[[ DATA EXTRACTS, beginning ]]

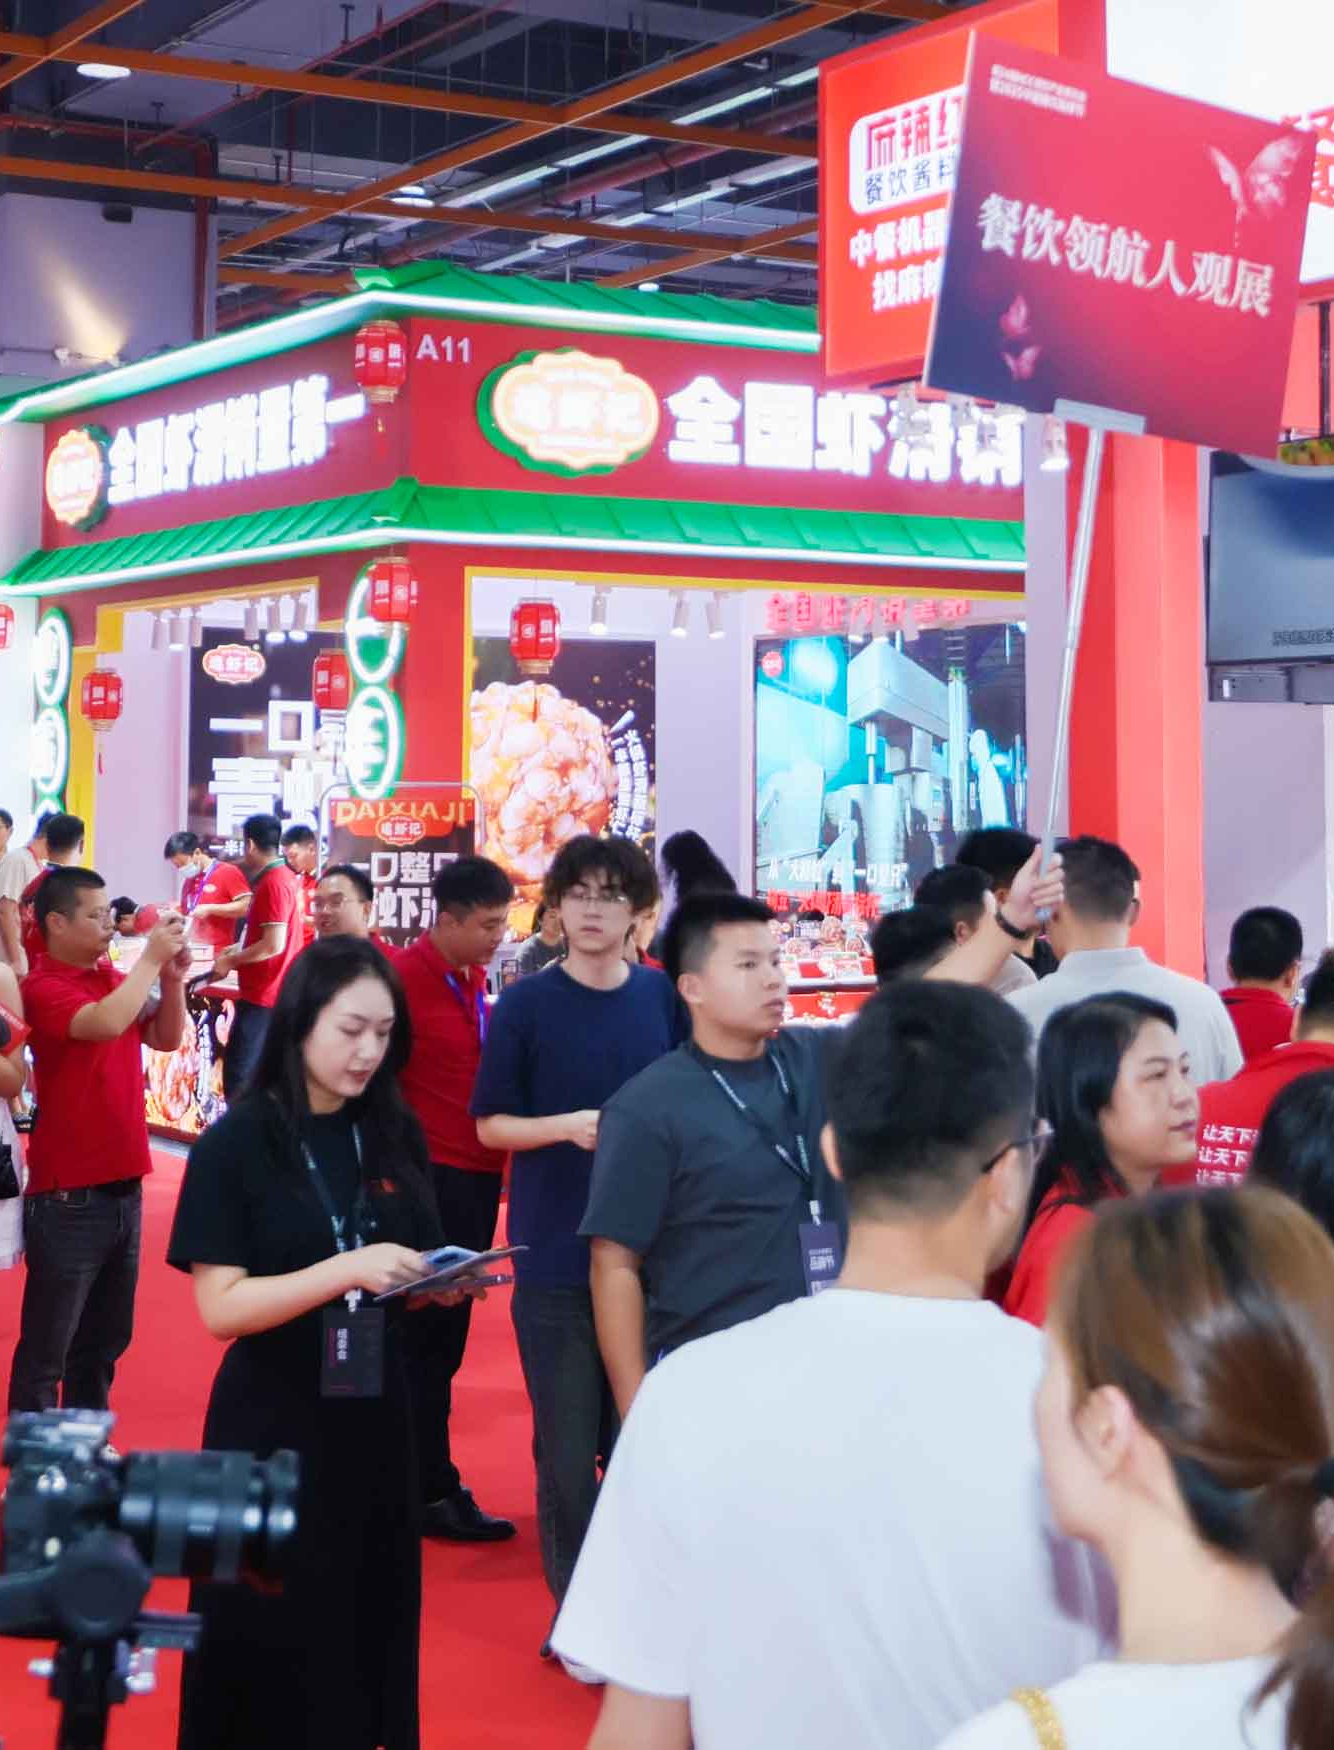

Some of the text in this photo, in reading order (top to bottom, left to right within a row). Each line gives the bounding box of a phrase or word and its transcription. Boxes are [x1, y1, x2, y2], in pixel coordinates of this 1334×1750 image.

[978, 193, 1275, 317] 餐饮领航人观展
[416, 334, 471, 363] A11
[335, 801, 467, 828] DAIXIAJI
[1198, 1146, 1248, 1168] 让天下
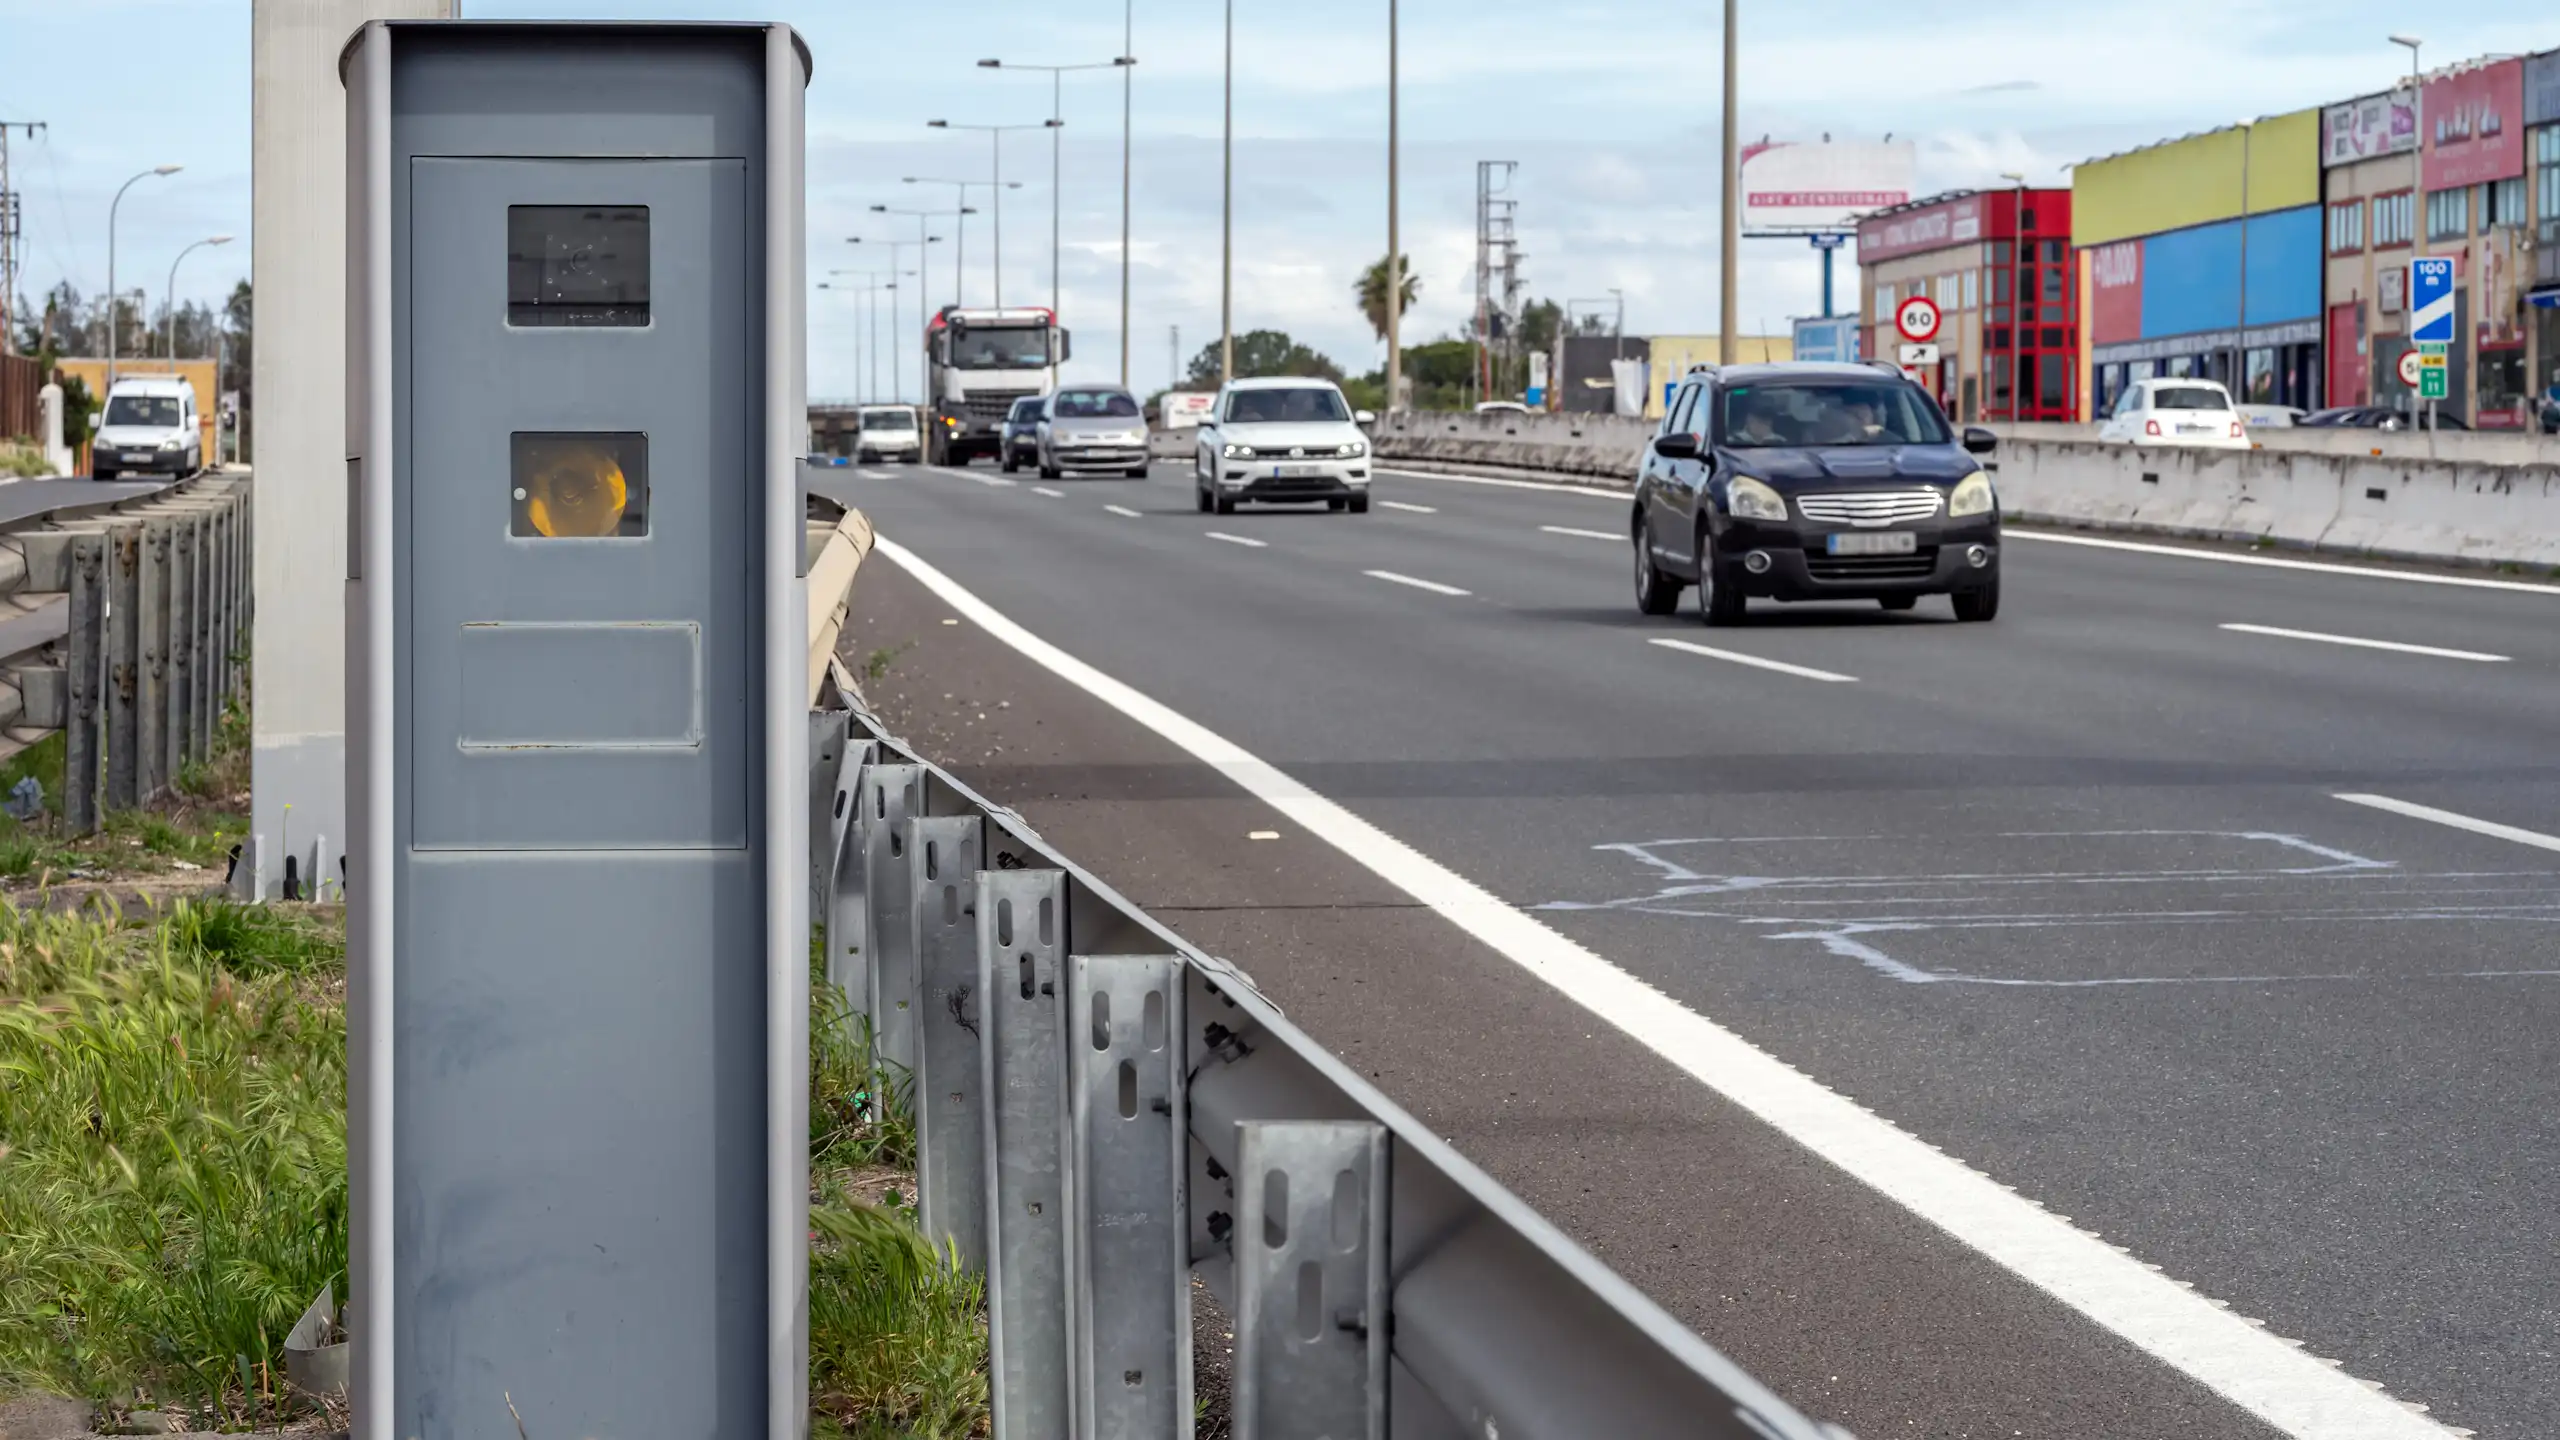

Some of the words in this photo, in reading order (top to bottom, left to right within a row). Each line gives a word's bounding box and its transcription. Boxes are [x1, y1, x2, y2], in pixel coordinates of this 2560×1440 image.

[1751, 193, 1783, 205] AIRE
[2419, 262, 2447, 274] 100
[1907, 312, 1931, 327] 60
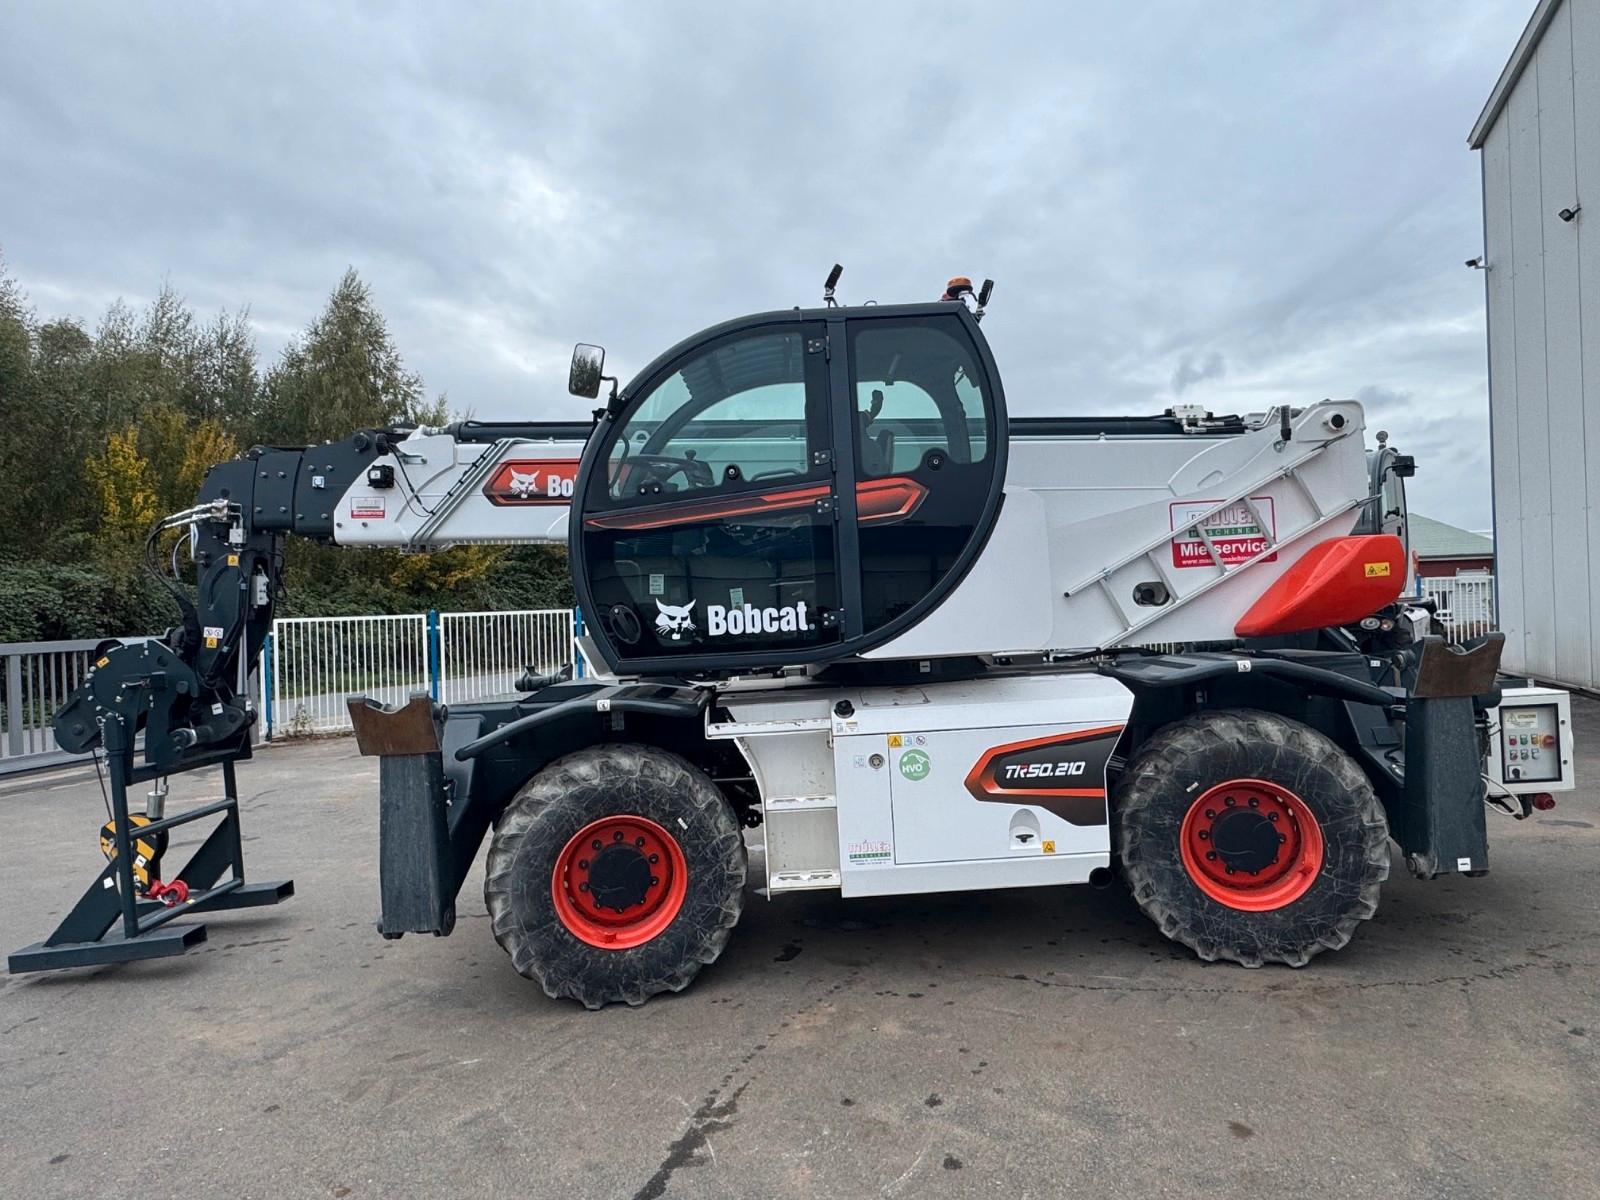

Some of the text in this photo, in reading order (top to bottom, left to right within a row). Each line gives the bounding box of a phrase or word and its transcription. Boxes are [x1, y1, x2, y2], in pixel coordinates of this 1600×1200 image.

[[ DATA EXTRACTS, end ]]

Would you please set down the listing above exactly, minus its images?

Some of the text in this photo, in reading order (top to bottom, left to right within a row). Each line gives the bounding box of a phrase or word and its transcription. Boxes are [x1, y1, x2, y2], in pixel coordinates of this 1334×1750 image.

[978, 193, 1275, 317] 餐饮领航人观展
[416, 334, 471, 363] A11
[335, 801, 467, 828] DAIXIAJI
[1198, 1146, 1248, 1168] 让天下

Some of the words in this photo, in reading order (top to bottom, left to right within a row). Each line gives a word's bounding box and its transcription. Boxes are [x1, y1, x2, y2], in pixel coordinates of this 2560×1440 image.

[1751, 193, 1783, 205] AIRE
[2419, 262, 2447, 274] 100
[1907, 312, 1931, 327] 60

Some of the text in this photo, in reading order (top to bottom, left to right within a row). Each line gives the bounding box of a phrase or word and its transcription. Boxes are [x1, y1, x2, y2], in pixel coordinates of this 1600×1200 image.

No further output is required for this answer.